**TASK DIRECTIONS:** Pictures aside, repeat the listing below exactly.

[Start of section]

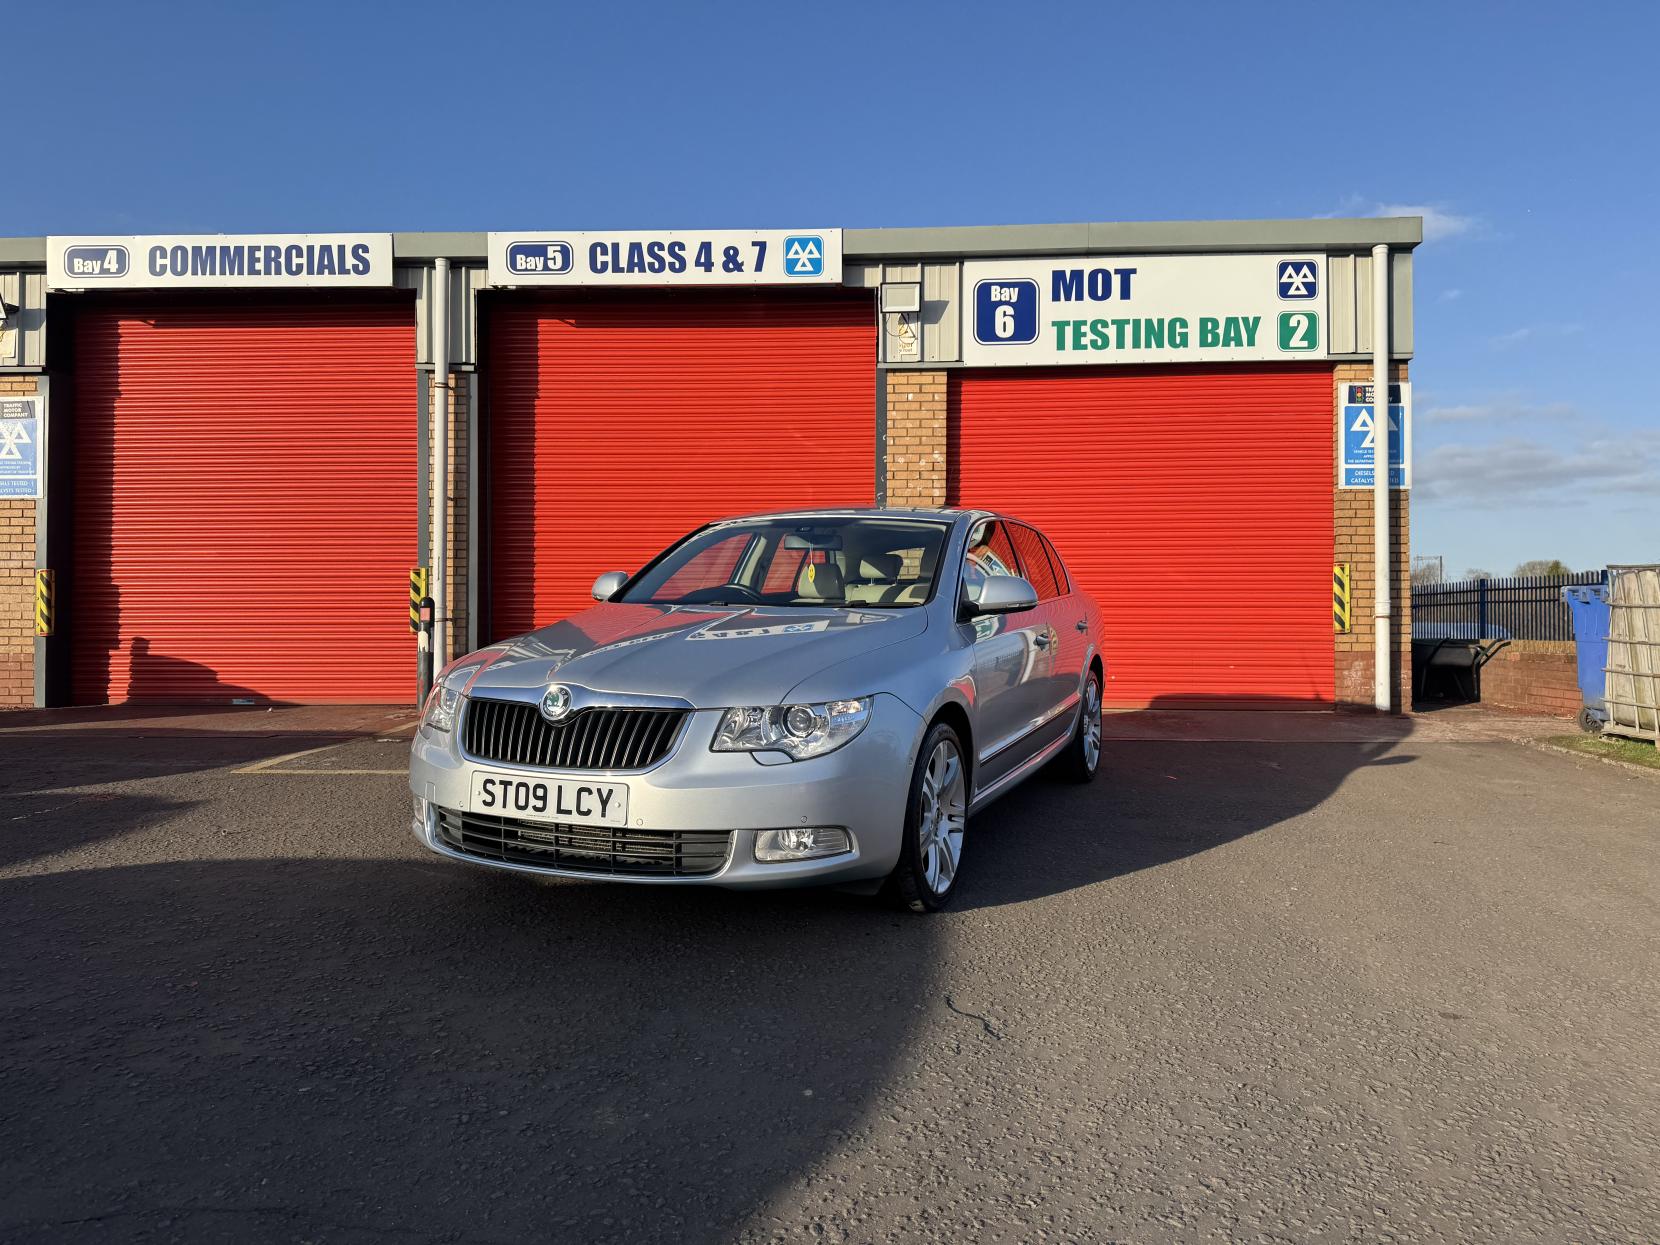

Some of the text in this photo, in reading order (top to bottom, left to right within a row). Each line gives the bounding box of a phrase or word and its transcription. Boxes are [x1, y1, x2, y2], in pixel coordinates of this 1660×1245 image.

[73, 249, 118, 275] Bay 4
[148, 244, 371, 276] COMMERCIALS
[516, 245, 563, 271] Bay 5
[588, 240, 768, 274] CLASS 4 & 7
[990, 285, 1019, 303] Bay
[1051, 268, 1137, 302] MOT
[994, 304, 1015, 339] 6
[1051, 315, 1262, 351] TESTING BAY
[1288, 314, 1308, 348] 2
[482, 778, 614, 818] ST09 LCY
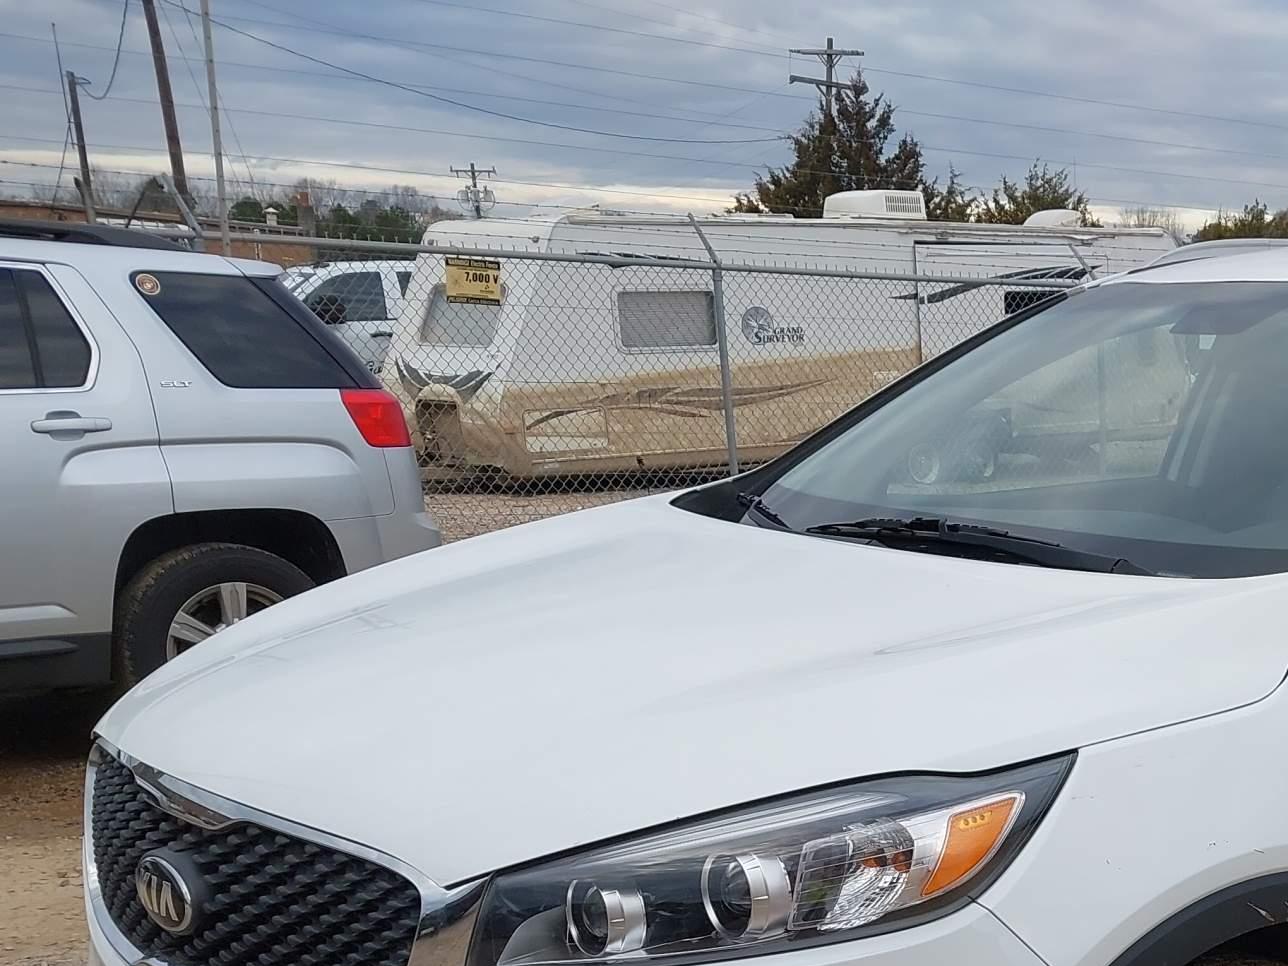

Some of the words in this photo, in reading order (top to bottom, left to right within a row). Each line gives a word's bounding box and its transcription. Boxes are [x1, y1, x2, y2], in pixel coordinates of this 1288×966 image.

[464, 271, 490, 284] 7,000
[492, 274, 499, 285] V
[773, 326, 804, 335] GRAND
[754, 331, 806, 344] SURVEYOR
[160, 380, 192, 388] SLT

[End of section]

**RESPONSE BELOW:**
Some of the text in this photo, in reading order (top to bottom, left to right within a row). Each line gives the bounding box of a phrase or word and its transcription. Boxes are [x1, y1, x2, y2], in pixel coordinates of this 1660×1245 image.

[73, 249, 118, 275] Bay 4
[148, 244, 371, 276] COMMERCIALS
[516, 245, 563, 271] Bay 5
[588, 240, 768, 274] CLASS 4 & 7
[990, 285, 1019, 303] Bay
[1051, 268, 1137, 302] MOT
[994, 304, 1015, 339] 6
[1051, 315, 1262, 351] TESTING BAY
[1288, 314, 1308, 348] 2
[482, 778, 614, 818] ST09 LCY

Some of the words in this photo, in reading order (top to bottom, left to right within a row). Each line gives a word's bounding box and its transcription. Boxes are [x1, y1, x2, y2], in pixel coordinates of this 1288×966 image.

[464, 271, 490, 284] 7,000
[492, 274, 499, 285] V
[773, 326, 804, 335] GRAND
[754, 331, 806, 344] SURVEYOR
[160, 380, 192, 388] SLT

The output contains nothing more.